The New Year’s Eve kiss in film and TV

Without anyone really explaining why, many of us have this knowledge that kissing someone at midnight is the thing that you should do. Perhaps this belief stems from popular culture.

For example, in the iconic (and slightly dated) TV show Friends, one year Chandler is so desperate for a kiss on New Year’s Eve that his roommate Joey rises to the occasion. Later on, Joey hatches a plan to help Monica and Chandler (who are in a secret relationship at this time) kiss at midnight.

In Harry Met Sally, Harry makes the ‘romantic’ (or stalkerish) gesture of turning up at a party that Sally is at on New Years Eve, delivers a speech about how much he loves her and saves their relationship with a kiss.  

“Kissing at midnight is something we’ve seen in several films,” says history writer Isobel Walster. “In Bridget Jones’s Diary, for example, a New Year’s Eve kiss brings Bridget Jones and Mark Darcy back together. Perhaps the way it’s been shown in films makes us feel like in order to find our one true love we need to kiss at midnight?” 

We’ve grown up with movies, TV and the people around us showing us that a kiss at midnight on New Year’s Eve is important, but why is it important? Where did this idea come from?

The history of the midnight kiss

New Year’s Eve is celebrated in many different ways around the world, with different countries having their own unique traditions and customs. The tradition of kissing at midnight is thought to date back to two ancient winter festivals: Saturnalia in ancient Rome and Hogmanay, a Viking tradition still celebrated on New Year’s in Scotland. 

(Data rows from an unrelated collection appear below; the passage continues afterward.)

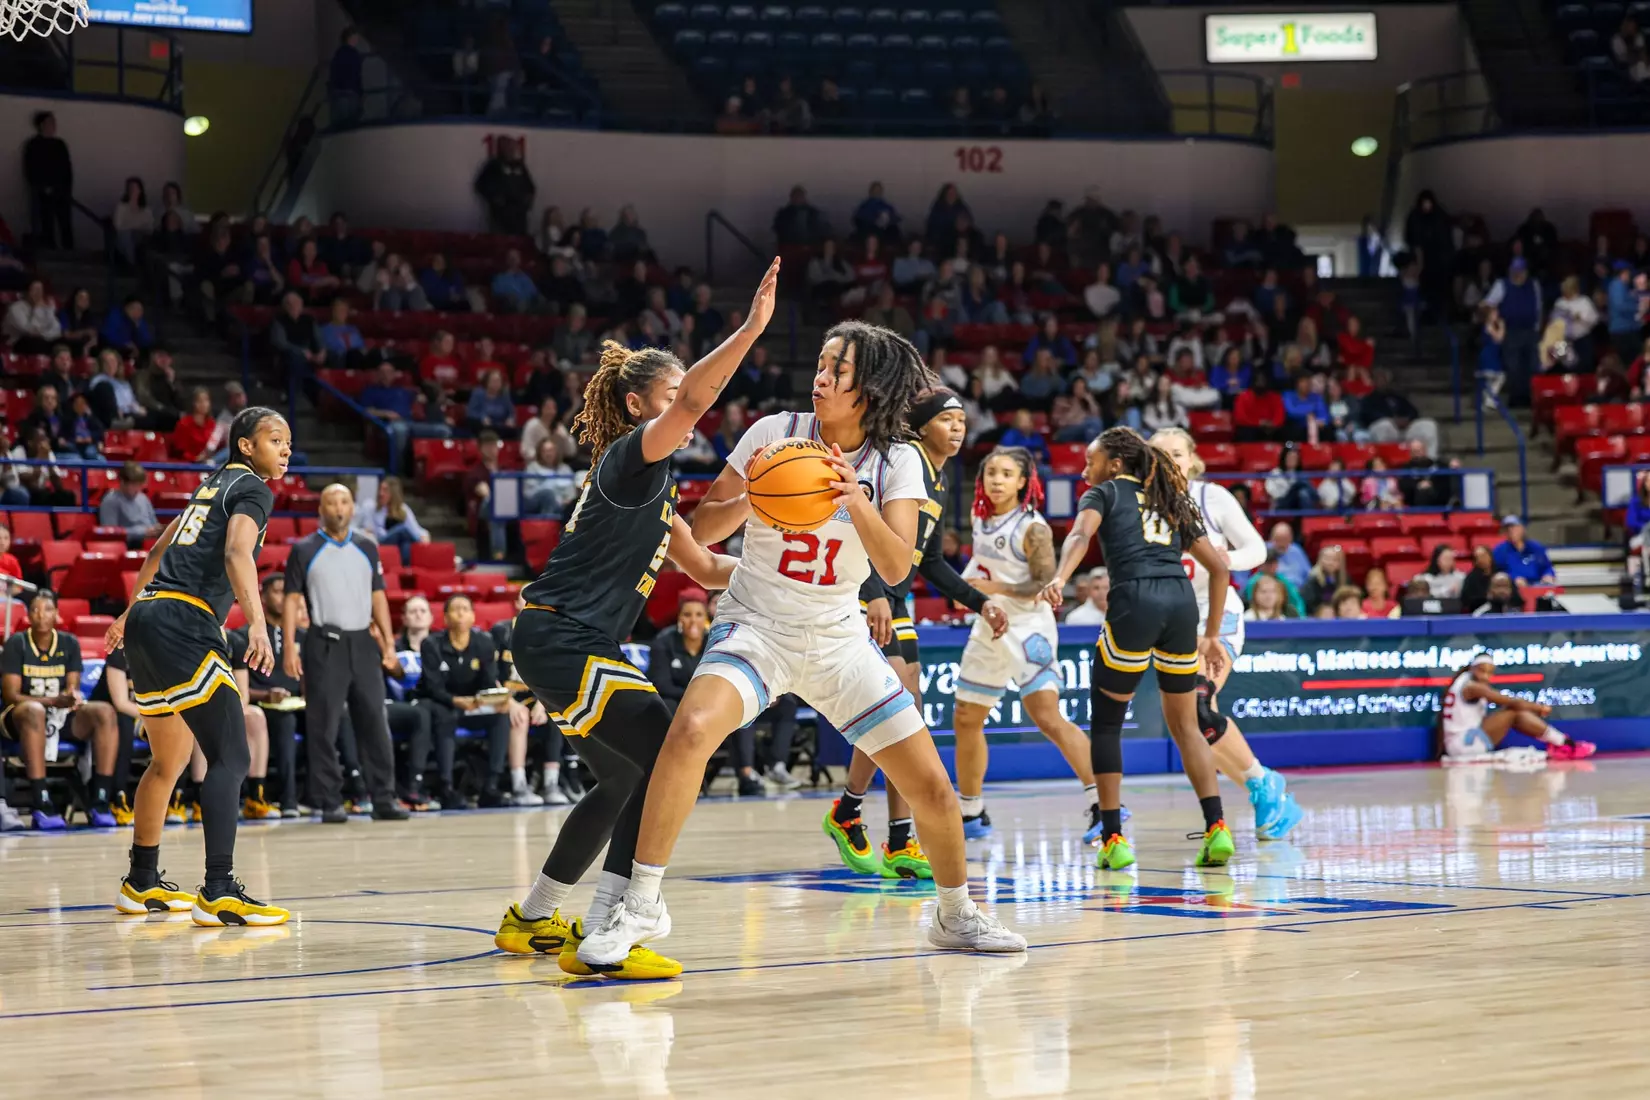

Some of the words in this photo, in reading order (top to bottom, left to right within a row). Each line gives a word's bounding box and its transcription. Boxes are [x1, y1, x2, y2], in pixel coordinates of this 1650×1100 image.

[1216, 25, 1278, 50] Super
[1281, 22, 1300, 55] 1
[1301, 24, 1365, 45] Foods
[953, 146, 1004, 173] 102
[169, 504, 212, 546] 15
[777, 533, 843, 586] 21
[1402, 645, 1439, 669] and
[1526, 641, 1642, 668] Headquarters
[29, 677, 60, 699] 33
[1232, 697, 1289, 719] Official
[1289, 695, 1356, 717] Furniture
[1357, 692, 1413, 714] Partner

“Saturnalia was the most popular holiday on the ancient Roman calendar, where there was a ritual of offering gifts or sacrifices to the gods during the winter sowing season, in particular honouring the agricultural god Saturn,” says Isobel. “It’s also the holiday where many of our traditions for Christmas come from, such as wreaths, candles, feasting and gift-giving.  Hogmanay is a viking tradition that is still celebrated on New Year’s in Scotland, but it became such a big deal due to Scotland not celebrating Christmas until recently. Christmas Day didn’t even technically become a public holiday in Scotland until 1958. Boxing Day didn’t become a holiday until 1974, either. So whilst the rest of the world celebrated Christmas, the Scots waited and got together at Hogmanay instead. There are a number of traditions that the Scots follow, but the most memorable one is the first-footing, where the first person to enter the house after midnight – ideally a tall, dark man – brings gifts such as food or coal. ”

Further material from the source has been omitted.